Thursday, August 27, 2009

Touch the happy isles

It’s certainly a clichĂ©, but the death of Ted Kennedy really does mark the end of an era. The last of his generation of Kennedys dedicated to the concept of public service.

I wasn’t a particularly huge fan, but it’s clear that he was a driving force in the Senate for at least 35 years. (He held back for the first few years in office.) & he won the respect of colleagues on both sides of the aisle.

Can’t say that of too many incumbents these days. In any legislature.

News reports are citing Kennedy’s concession to Carter at the 1980 Democratic Convention as his greatest speech. In it he quoted some lines from Tennyson that he said were close to both his brothers & himself:

"I am a part of all that I have met....
Tho much is taken, much abides....
That which we are, we are—
One equal temper of heroic hearts,
strong in will
To strive, to seek, to find, and not to yield."

That’s a cobbled-together mashup of “Ulysses”, one of my own favorite poems from the romantic period. It’s interesting that Kennedy was then 48 when he cited it; & that his brothers were both in their forties when they were murdered, & had already latched onto the poem.

The reason I find it interesting is that “Ulysses” is the musing of the hero of the Trojan war—as an aged man all too aware of his growing feebleness.

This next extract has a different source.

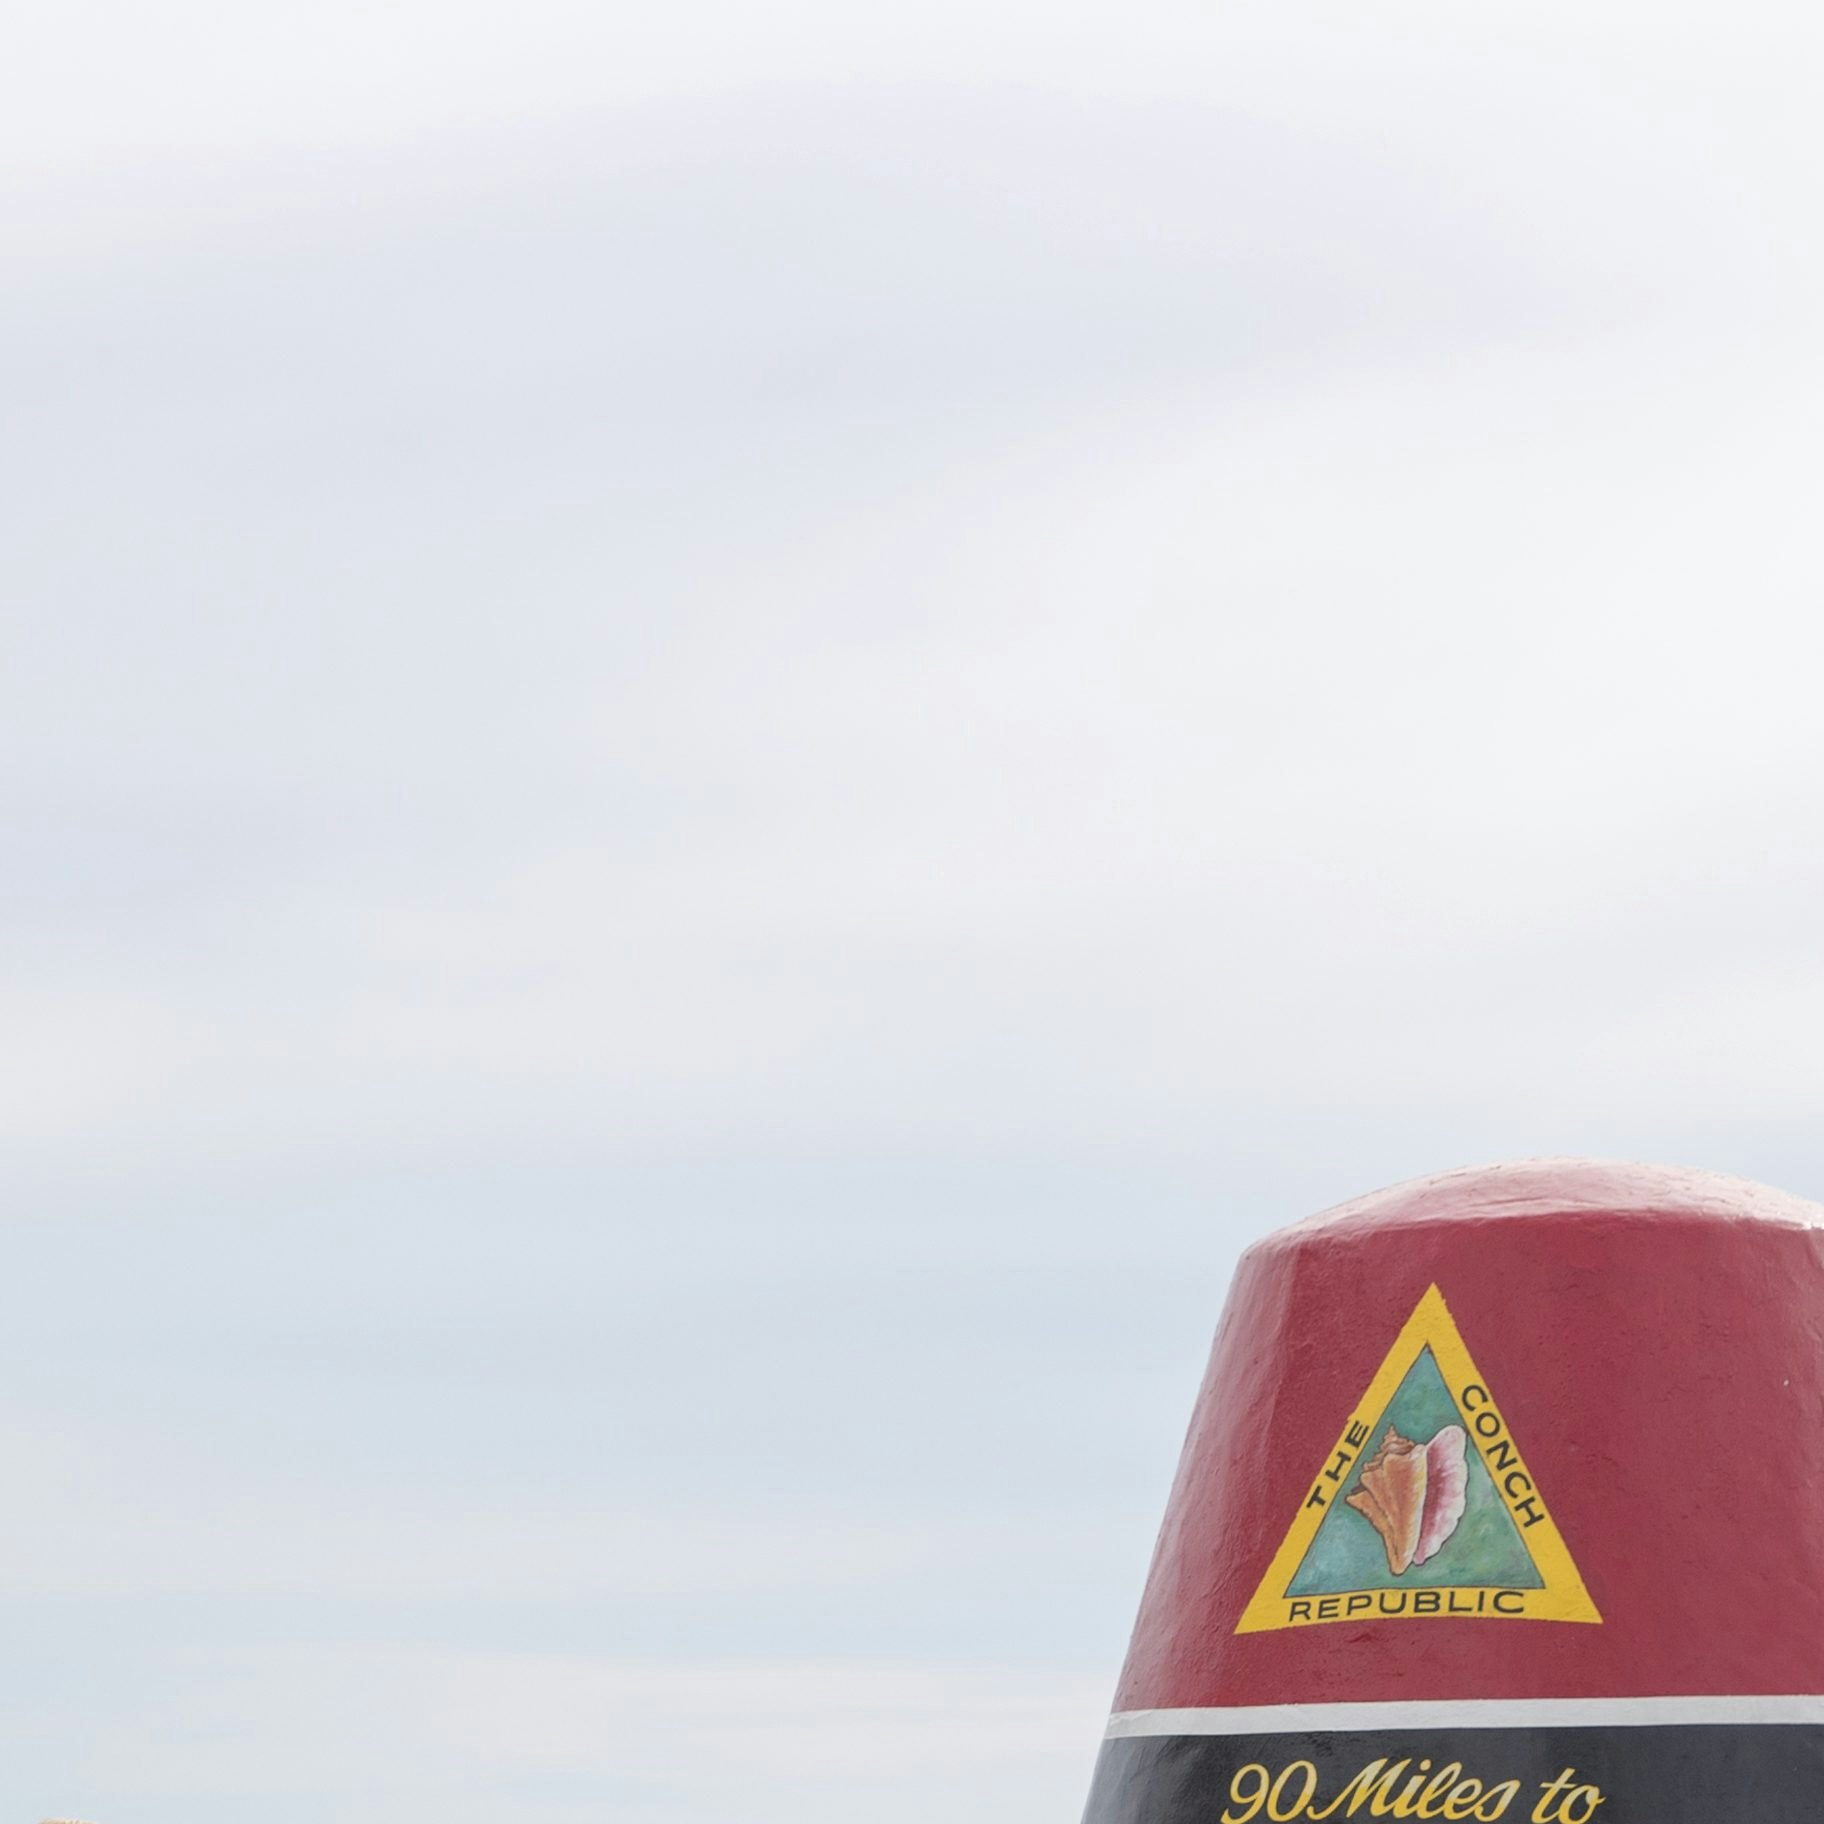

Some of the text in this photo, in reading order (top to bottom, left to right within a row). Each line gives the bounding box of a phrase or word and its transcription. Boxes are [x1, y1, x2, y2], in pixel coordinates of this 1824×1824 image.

[1306, 1419, 1370, 1511] THE
[1461, 1385, 1545, 1529] CONCH
[1288, 1591, 1525, 1622] REPUBLIC
[1307, 1757, 1521, 1823] Miles

The king of Ithaca is looking back at his long life & ahead at a future that can’t possibly live up to the past. It’s an old man’s tale, not a young one’s.

What is certainly applicable to Kennedy (& perhaps to his brothers, too) is Ulysses’ resolution to not go gentle into that good night, even at his age & condition. “I will live life to the lees,” he vows.

“How dull it is to pause, to make an end,
To rust unburnished, not to shine in use!
As though to breathe were life. Life piled on life
Were all too little, and of one to me
Little remains: but every hour is saved
From that eternal silence, something more,
A bringer of new things; and vile it were
For some three suns to store and hoard myself,
And this grey spirit yearning in desire
To follow knowledge like a sinking star,
Beyond the utmost bound of human thought.”

I rather think of Ted Kennedy, working phones from his sickbed to garner support for his lifelong cause of healthcare for all Americans, as scorning to rust unburnished. There was a grey spirit yearning in desire to follow knowledge if ever there was one.

Ulysses talks of the responsibility of statesmanship, of the decades of governing his people & the legacy he’s leaving to his son, Telemachus.

& the final section is him planning another voyage—gathering the lads from his old unit, outfitting a ship & setting sail into the unknown. Here are the complete last lines:

“Though much is taken, much abides; and though
We are not now that strength which in old days
Moved earth and heaven; that which we are, we are;
One equal temper of heroic hearts,
Made weak by time and fate, but strong in will
To strive, to seek, to find, and not to yield.”

& that’s a picture of Ted Kennedy-made weak by time & disease, but strong in will—& never yielding.